Text-to-region grounding data
——————————
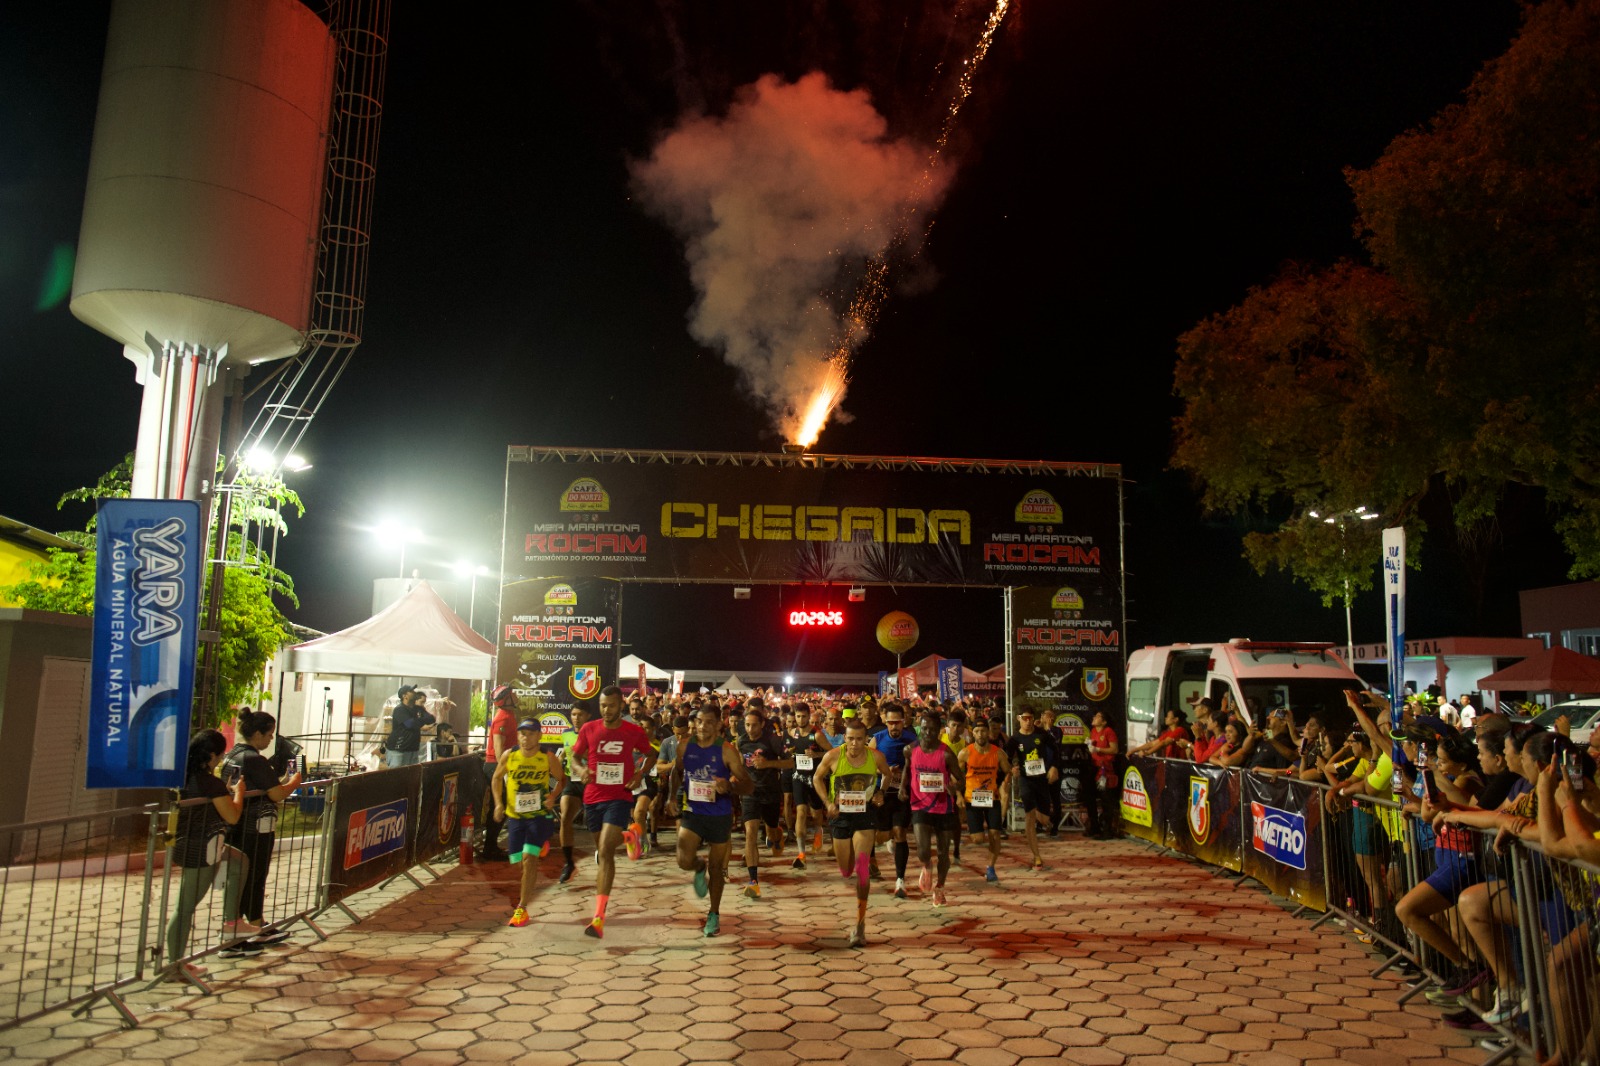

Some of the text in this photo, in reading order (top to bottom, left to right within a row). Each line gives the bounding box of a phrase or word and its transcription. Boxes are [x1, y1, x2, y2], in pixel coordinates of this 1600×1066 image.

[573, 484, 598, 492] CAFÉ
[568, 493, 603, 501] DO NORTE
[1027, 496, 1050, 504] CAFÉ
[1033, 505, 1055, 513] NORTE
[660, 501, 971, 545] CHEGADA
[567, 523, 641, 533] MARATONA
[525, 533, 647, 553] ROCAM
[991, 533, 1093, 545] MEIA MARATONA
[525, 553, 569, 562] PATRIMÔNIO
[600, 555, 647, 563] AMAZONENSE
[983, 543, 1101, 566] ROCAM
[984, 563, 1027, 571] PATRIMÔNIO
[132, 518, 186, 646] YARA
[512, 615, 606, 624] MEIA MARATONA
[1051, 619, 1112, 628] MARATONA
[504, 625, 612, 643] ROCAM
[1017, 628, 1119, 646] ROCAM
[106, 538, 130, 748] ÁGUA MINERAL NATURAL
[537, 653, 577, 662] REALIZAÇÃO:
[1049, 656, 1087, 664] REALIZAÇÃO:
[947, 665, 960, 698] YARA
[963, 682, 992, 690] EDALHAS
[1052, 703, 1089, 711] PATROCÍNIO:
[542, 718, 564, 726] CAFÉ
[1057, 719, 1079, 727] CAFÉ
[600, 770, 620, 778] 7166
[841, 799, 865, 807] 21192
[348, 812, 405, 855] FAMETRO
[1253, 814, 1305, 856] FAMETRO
——————————
= How to complete this task =
Repeat the entries exactly, pictures left out.

= Response below =
Some of the text in this photo, in reading order (top to bottom, left to right within a row). Each line gives the bounding box of a phrase or word and its transcription. Boxes are [x1, y1, x2, y2], in pixel coordinates of this 1600×1066 image.

[573, 484, 598, 492] CAFÉ
[568, 493, 603, 501] DO NORTE
[1027, 496, 1050, 504] CAFÉ
[1033, 505, 1055, 513] NORTE
[660, 501, 971, 545] CHEGADA
[567, 523, 641, 533] MARATONA
[525, 533, 647, 553] ROCAM
[991, 533, 1093, 545] MEIA MARATONA
[525, 553, 569, 562] PATRIMÔNIO
[600, 555, 647, 563] AMAZONENSE
[983, 543, 1101, 566] ROCAM
[984, 563, 1027, 571] PATRIMÔNIO
[132, 518, 186, 646] YARA
[512, 615, 606, 624] MEIA MARATONA
[1051, 619, 1112, 628] MARATONA
[504, 625, 612, 643] ROCAM
[1017, 628, 1119, 646] ROCAM
[106, 538, 130, 748] ÁGUA MINERAL NATURAL
[537, 653, 577, 662] REALIZAÇÃO:
[1049, 656, 1087, 664] REALIZAÇÃO:
[947, 665, 960, 698] YARA
[963, 682, 992, 690] EDALHAS
[1052, 703, 1089, 711] PATROCÍNIO:
[542, 718, 564, 726] CAFÉ
[1057, 719, 1079, 727] CAFÉ
[600, 770, 620, 778] 7166
[841, 799, 865, 807] 21192
[348, 812, 405, 855] FAMETRO
[1253, 814, 1305, 856] FAMETRO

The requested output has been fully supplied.